En conséquence de quoi, nous débouterons la SASU [D] [E] de l’ensemble de ses demandes visant des interdictions clairement mentionnées dans le contrat de cession, sans pour autant que ces dernières soient remises en question dans la présente instance.
Il en sera de même pour la demande de démarchage des partenaires, ceci étant encadré par les dispositions de l’article 1626 du Code Civil et du contrat de cession, auxquelles le juge des référés ne saurait se substituer.
Les demandes visant à voir démonter les panneaux publicitaires de l’EURL RTC, d’interdire à cette dernière toute communication sur les réseaux sociaux ne saurait prospérer que s’il était démontré qu’elle se soit livrée à des actes de concurrence déloyale, ce qui pourrait être fait au visa des dispositions légales encadrant cette pratique et non sur la base des obligations contractuelles de l’acte de cession, auquel l’EUL RTC n’est pas partie.

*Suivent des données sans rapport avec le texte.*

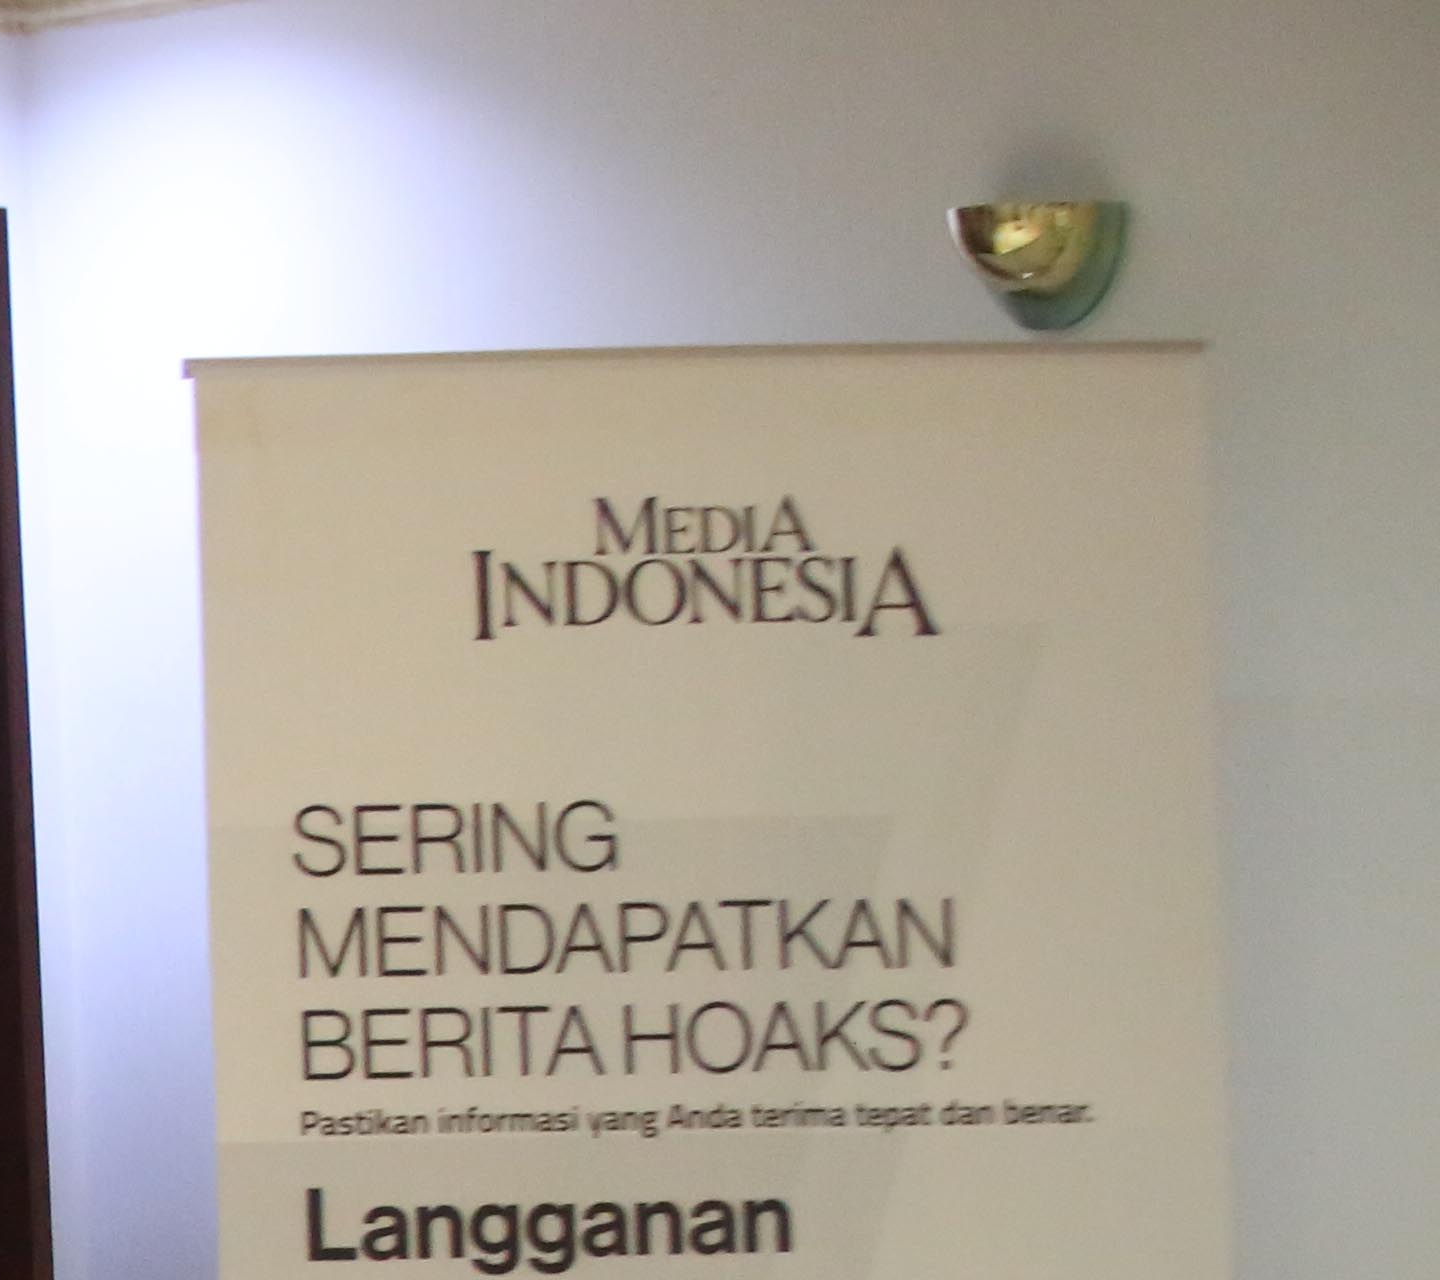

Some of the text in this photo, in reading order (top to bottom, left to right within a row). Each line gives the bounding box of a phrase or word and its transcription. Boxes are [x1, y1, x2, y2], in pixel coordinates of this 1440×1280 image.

Nous rappellerons que nous sommes dans une instance tendant à demander une mesure d’instruction avant procès permettant d’établir si des pratiques de concurrence déloyales ont été mises en place et que, bien que des motifs légitimes soient exposés et retenus, rien ne vient aujourd’hui déjà démontrer que l’EURL RTC se soit livrée à de telles pratiques.
En conséquence de quoi, nous débouterons la demanderesse de cette demande.
Nous réserverons les dépens et les demandes au titre de l’article 700 du Code de Procédure Civile en fin d’instance.
PAR CES MOTIFS, tous droits, moyens, exceptions des parties demeurant au fond réservés et sans y préjudicier,
DESIGNONS Monsieur [O] [I], [Adresse 12], en qualité d’Expert, avec pour mission de :
* convoquer et entendre les parties,
* se faire remettre, dans le délai qu’il estimera utile, tous documents et pièces qu’il jugera nécessaire à l’exercice de sa mission,
Pour ce qui concerne l’EURL RTC
* prendre connaissance de la liste des clients de la SASU [D] [E],
* se faire communiquer par l’EURL RTC la liste de ses clients avec la date de première facture,
* établir un rapprochement entre les deux listes pour dresser un tableau de synthèse comportant le nom du client commun et la date de première facture,
* se faire remettre une copie du registre du personnel ainsi que des fournisseurs intervenant en sous-traitance pour le compte de l’EURL RTC,
* établir un tableau de synthèse en retenant les salariés ou fournisseurs précédemment employés par la SASU [D] [E] en indiquant la date d’embauche pour les salariés ou la date de première facture pour les sous-traitant,
* mener des investigations dans la comptabilité de la société RTC pour établir les modalités d’intervention et de rémunération de Messieurs [G] [E] et [M] [X] sur un chantier aux dates des 19 et 20 juillet 2023, date auxquelles ces salariés étaient en arrêt maladie.
Pour ce qui concerne la SASU ROLU et la SCCV [Localité 1]
* éxaminer dans la comptabilité s’il existe des achats de matériaux relatifs à des travaux de charpente et couverture,
* dresser, sur la base des éléments de facturation de la SASU ROLU un tableau de synthèse établissant pour chaque client commun entre la SASU ROLU et la SASU [D] [E] indiquant :
* la date du marché conclu,
* la nature des prestations réalisées,
* le montant facturé,
* dresser un tableau de synthèse depuis les comptes fournisseurs de la SCCV [Localité 1] établissant les achats éventuels de charpentes, ossatures bois, pièces de bois destinées à la construction, feuilles de zinc, tuiles et matériaux destinés à la construction de charpentes et couvertures.
DISONS qu’en cas d’empêchement, l’expert pourra être remplacé par ordonnance.
FIXONS à 4.000 € (QUATRE MILLE EUROS) la provision à valoir sur la rémunération de l’expert et disons que la provision est mise à charge de la SASU [D] [E] qui devra la consigner dans les 15 jours de la demande qui lui en sera faite par le Greffier du Tribunal, à défaut de quoi la décision d’expertise pourra être déclarée caduque.
DISONS que la SASU [D] [E] supportera à titre provisoire les frais de greffe liés au suivi de la mesure d’expertise.
DISONS que l’expert devra débuter les opérations d’expertise à compter de la notification de la consignation de la provision qui lui en aura été faite par le Greffier.